(Items listed in a dataset)
++++

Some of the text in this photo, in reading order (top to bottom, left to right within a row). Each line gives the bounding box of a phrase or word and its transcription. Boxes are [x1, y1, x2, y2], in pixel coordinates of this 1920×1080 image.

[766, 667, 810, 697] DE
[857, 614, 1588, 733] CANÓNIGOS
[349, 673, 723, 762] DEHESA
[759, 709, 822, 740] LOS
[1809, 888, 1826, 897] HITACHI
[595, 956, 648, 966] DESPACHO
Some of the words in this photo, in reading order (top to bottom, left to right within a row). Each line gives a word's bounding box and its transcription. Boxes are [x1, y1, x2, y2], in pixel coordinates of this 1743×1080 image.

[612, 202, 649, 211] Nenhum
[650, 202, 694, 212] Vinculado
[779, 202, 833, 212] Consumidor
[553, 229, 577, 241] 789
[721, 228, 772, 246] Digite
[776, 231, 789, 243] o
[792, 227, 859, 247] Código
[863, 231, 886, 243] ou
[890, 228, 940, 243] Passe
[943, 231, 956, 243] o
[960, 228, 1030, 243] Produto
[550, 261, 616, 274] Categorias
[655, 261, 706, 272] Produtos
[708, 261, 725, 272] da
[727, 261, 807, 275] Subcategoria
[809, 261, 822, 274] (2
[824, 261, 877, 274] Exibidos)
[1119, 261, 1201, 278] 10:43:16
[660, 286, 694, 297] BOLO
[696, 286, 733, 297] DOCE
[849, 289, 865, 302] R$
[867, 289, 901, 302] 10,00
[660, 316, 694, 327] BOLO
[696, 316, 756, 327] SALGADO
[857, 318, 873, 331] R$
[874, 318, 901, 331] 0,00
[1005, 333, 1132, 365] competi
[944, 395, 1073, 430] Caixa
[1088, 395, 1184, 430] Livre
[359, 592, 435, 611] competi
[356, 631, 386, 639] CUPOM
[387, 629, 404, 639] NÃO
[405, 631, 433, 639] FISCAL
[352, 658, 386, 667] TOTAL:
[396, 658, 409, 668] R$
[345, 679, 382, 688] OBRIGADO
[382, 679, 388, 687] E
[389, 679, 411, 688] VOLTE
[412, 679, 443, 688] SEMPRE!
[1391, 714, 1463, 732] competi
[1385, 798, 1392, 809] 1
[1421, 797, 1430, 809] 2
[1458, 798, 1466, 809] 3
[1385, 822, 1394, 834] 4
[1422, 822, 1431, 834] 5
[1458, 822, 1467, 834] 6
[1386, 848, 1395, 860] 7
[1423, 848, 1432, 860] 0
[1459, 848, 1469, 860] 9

++++

→ **Task statement**
Reproduce all the records precisely.

→ **Response box**
Some of the text in this photo, in reading order (top to bottom, left to right within a row). Each line gives the bounding box of a phrase or word and its transcription. Boxes are [x1, y1, x2, y2], in pixel coordinates of this 1920×1080 image.

[766, 667, 810, 697] DE
[857, 614, 1588, 733] CANÓNIGOS
[349, 673, 723, 762] DEHESA
[759, 709, 822, 740] LOS
[1809, 888, 1826, 897] HITACHI
[595, 956, 648, 966] DESPACHO
Some of the words in this photo, in reading order (top to bottom, left to right within a row). Each line gives a word's bounding box and its transcription. Boxes are [x1, y1, x2, y2], in pixel coordinates of this 1743×1080 image.

[612, 202, 649, 211] Nenhum
[650, 202, 694, 212] Vinculado
[779, 202, 833, 212] Consumidor
[553, 229, 577, 241] 789
[721, 228, 772, 246] Digite
[776, 231, 789, 243] o
[792, 227, 859, 247] Código
[863, 231, 886, 243] ou
[890, 228, 940, 243] Passe
[943, 231, 956, 243] o
[960, 228, 1030, 243] Produto
[550, 261, 616, 274] Categorias
[655, 261, 706, 272] Produtos
[708, 261, 725, 272] da
[727, 261, 807, 275] Subcategoria
[809, 261, 822, 274] (2
[824, 261, 877, 274] Exibidos)
[1119, 261, 1201, 278] 10:43:16
[660, 286, 694, 297] BOLO
[696, 286, 733, 297] DOCE
[849, 289, 865, 302] R$
[867, 289, 901, 302] 10,00
[660, 316, 694, 327] BOLO
[696, 316, 756, 327] SALGADO
[857, 318, 873, 331] R$
[874, 318, 901, 331] 0,00
[1005, 333, 1132, 365] competi
[944, 395, 1073, 430] Caixa
[1088, 395, 1184, 430] Livre
[359, 592, 435, 611] competi
[356, 631, 386, 639] CUPOM
[387, 629, 404, 639] NÃO
[405, 631, 433, 639] FISCAL
[352, 658, 386, 667] TOTAL:
[396, 658, 409, 668] R$
[345, 679, 382, 688] OBRIGADO
[382, 679, 388, 687] E
[389, 679, 411, 688] VOLTE
[412, 679, 443, 688] SEMPRE!
[1391, 714, 1463, 732] competi
[1385, 798, 1392, 809] 1
[1421, 797, 1430, 809] 2
[1458, 798, 1466, 809] 3
[1385, 822, 1394, 834] 4
[1422, 822, 1431, 834] 5
[1458, 822, 1467, 834] 6
[1386, 848, 1395, 860] 7
[1423, 848, 1432, 860] 0
[1459, 848, 1469, 860] 9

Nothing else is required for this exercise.